Excerpts from a dataset
____________
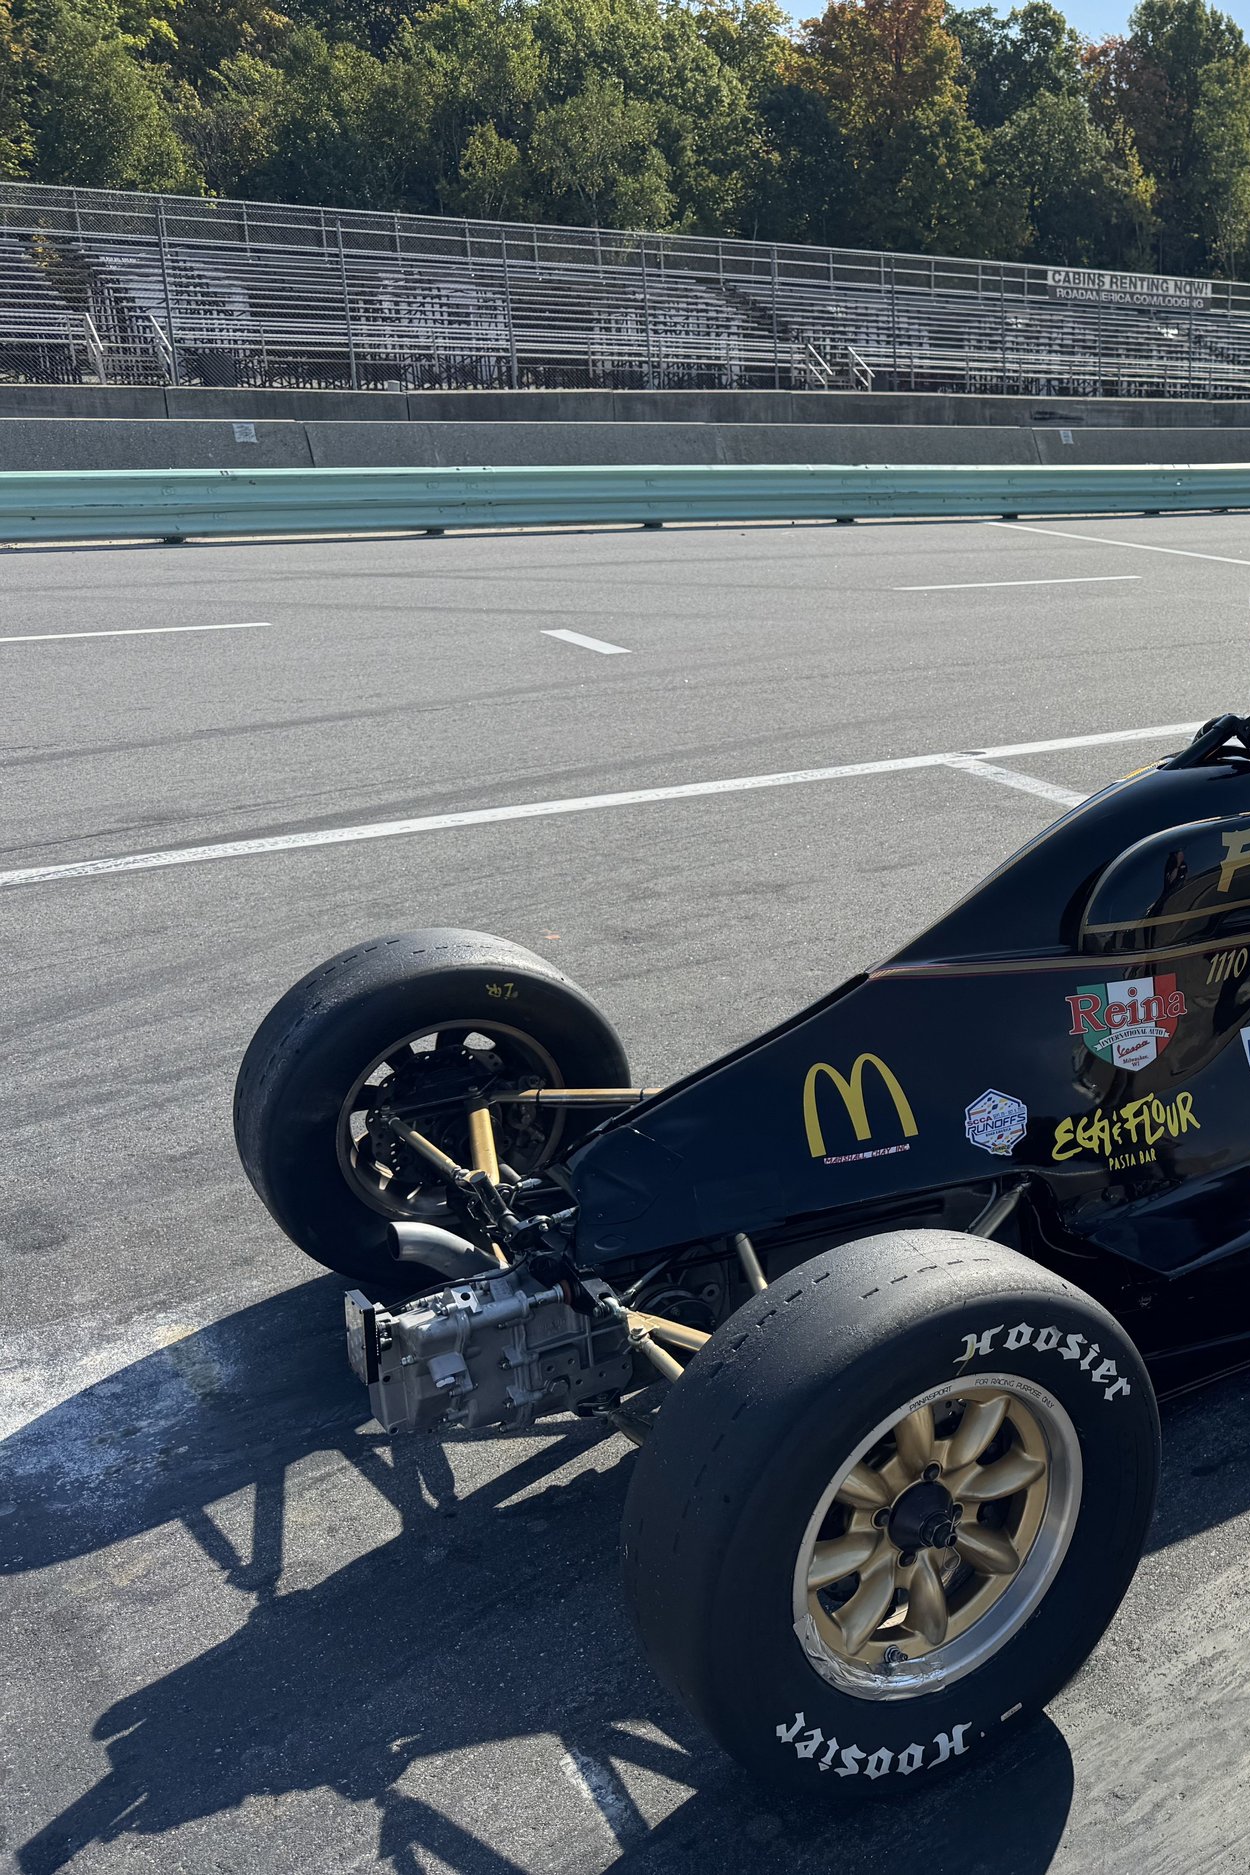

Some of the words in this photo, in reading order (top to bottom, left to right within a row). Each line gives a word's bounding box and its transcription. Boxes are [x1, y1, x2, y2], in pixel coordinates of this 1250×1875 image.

[1052, 271, 1105, 288] CABINS
[1109, 277, 1169, 294] RENTING
[1174, 282, 1209, 296] NOW!
[1206, 947, 1248, 985] 1110
[1065, 986, 1188, 1036] Reina
[1101, 1028, 1147, 1046] INTERNATIONAL
[1116, 1040, 1151, 1059] Vespa
[967, 1116, 993, 1127] SCCA
[968, 1112, 1026, 1137] RUNOFFS
[1119, 1092, 1201, 1146] FLOUR
[1108, 1153, 1137, 1171] PASTA
[1139, 1147, 1157, 1164] BAR
[952, 1321, 1131, 1401] Hoosier
[909, 1385, 953, 1411] PANASPORT
[974, 1378, 988, 1386] FOR
[990, 1378, 1013, 1388] RACING
[1015, 1381, 1042, 1399] PURPOSE
[1041, 1395, 1055, 1409] ONLY
[775, 1711, 973, 1780] Hoosier
____________
■ **Task statement**
Give all the entries again exactly, dropping each picture.

■ **Solution to this exercise**
Some of the words in this photo, in reading order (top to bottom, left to right within a row). Each line gives a word's bounding box and its transcription. Boxes are [x1, y1, x2, y2], in pixel coordinates of this 1250×1875 image.

[1052, 271, 1105, 288] CABINS
[1109, 277, 1169, 294] RENTING
[1174, 282, 1209, 296] NOW!
[1206, 947, 1248, 985] 1110
[1065, 986, 1188, 1036] Reina
[1101, 1028, 1147, 1046] INTERNATIONAL
[1116, 1040, 1151, 1059] Vespa
[967, 1116, 993, 1127] SCCA
[968, 1112, 1026, 1137] RUNOFFS
[1119, 1092, 1201, 1146] FLOUR
[1108, 1153, 1137, 1171] PASTA
[1139, 1147, 1157, 1164] BAR
[952, 1321, 1131, 1401] Hoosier
[909, 1385, 953, 1411] PANASPORT
[974, 1378, 988, 1386] FOR
[990, 1378, 1013, 1388] RACING
[1015, 1381, 1042, 1399] PURPOSE
[1041, 1395, 1055, 1409] ONLY
[775, 1711, 973, 1780] Hoosier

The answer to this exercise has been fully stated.